[Image-backed grounding data]
******************************
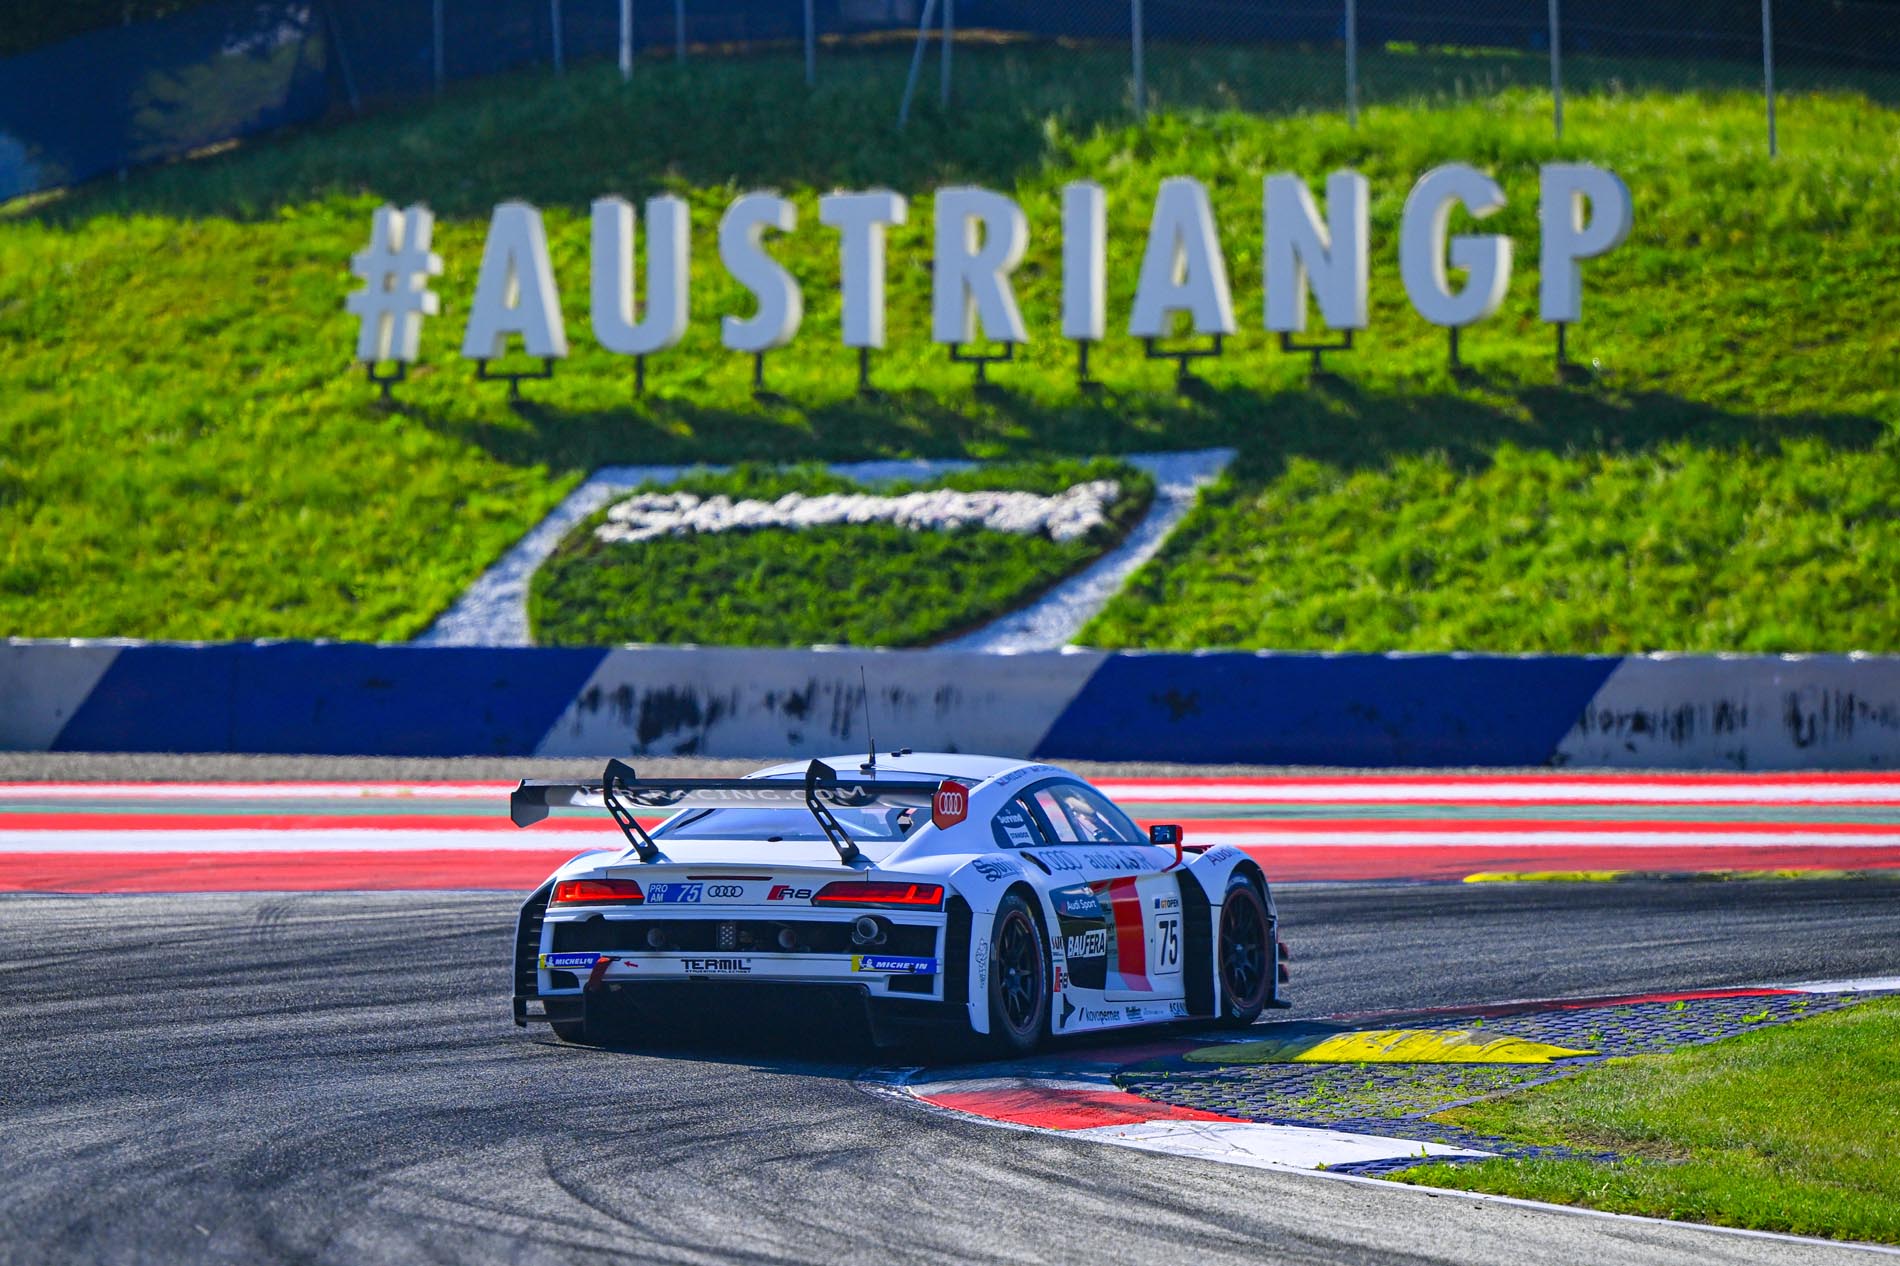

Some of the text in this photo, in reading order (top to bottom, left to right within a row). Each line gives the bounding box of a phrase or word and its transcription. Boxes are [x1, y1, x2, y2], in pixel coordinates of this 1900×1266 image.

[347, 160, 1632, 362] #AUSTRIANGP
[650, 884, 700, 902] PRO 75
[650, 893, 664, 902] AM
[776, 889, 812, 899] R8
[1066, 899, 1097, 912] Audi Sport
[1067, 931, 1105, 956] BAUFERA
[1158, 920, 1178, 967] 75
[554, 957, 593, 966] MICHELIN
[680, 958, 751, 970] TERMIL
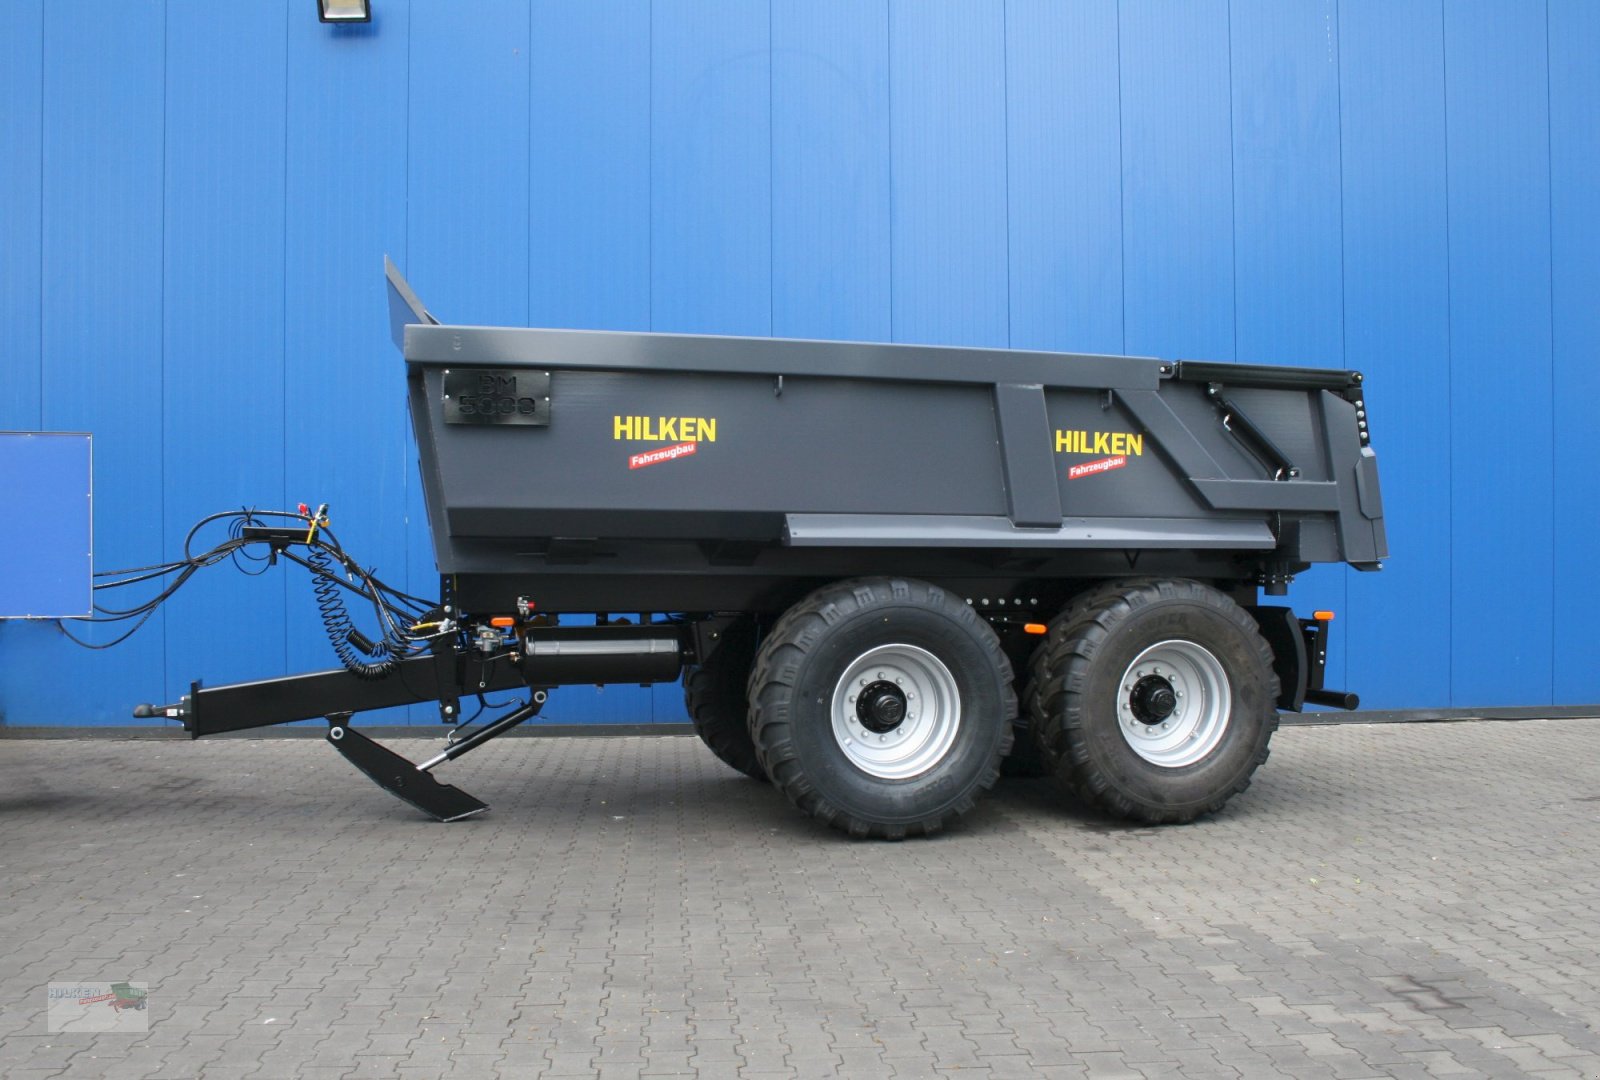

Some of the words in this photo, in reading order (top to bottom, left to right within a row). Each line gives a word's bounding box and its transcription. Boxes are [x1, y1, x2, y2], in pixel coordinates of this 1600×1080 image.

[614, 416, 716, 442] HILKEN
[632, 444, 695, 466] Fahrzeugbau
[1056, 430, 1142, 456] HILKEN
[1070, 457, 1124, 476] Fahrzeugbau
******************************
### Required action
The records above must be copied exactly, with no pictures carried over.

### Answer to this exercise
Some of the text in this photo, in reading order (top to bottom, left to right within a row). Each line gives the bounding box of a phrase or word and its transcription. Boxes are [x1, y1, x2, y2], in pixel coordinates of this 1900×1266 image.

[347, 160, 1632, 362] #AUSTRIANGP
[650, 884, 700, 902] PRO 75
[650, 893, 664, 902] AM
[776, 889, 812, 899] R8
[1066, 899, 1097, 912] Audi Sport
[1067, 931, 1105, 956] BAUFERA
[1158, 920, 1178, 967] 75
[554, 957, 593, 966] MICHELIN
[680, 958, 751, 970] TERMIL

Some of the words in this photo, in reading order (top to bottom, left to right within a row). Each line gives a word's bounding box and its transcription. Boxes are [x1, y1, x2, y2], in pixel coordinates of this 1600×1080 image.

[614, 416, 716, 442] HILKEN
[632, 444, 695, 466] Fahrzeugbau
[1056, 430, 1142, 456] HILKEN
[1070, 457, 1124, 476] Fahrzeugbau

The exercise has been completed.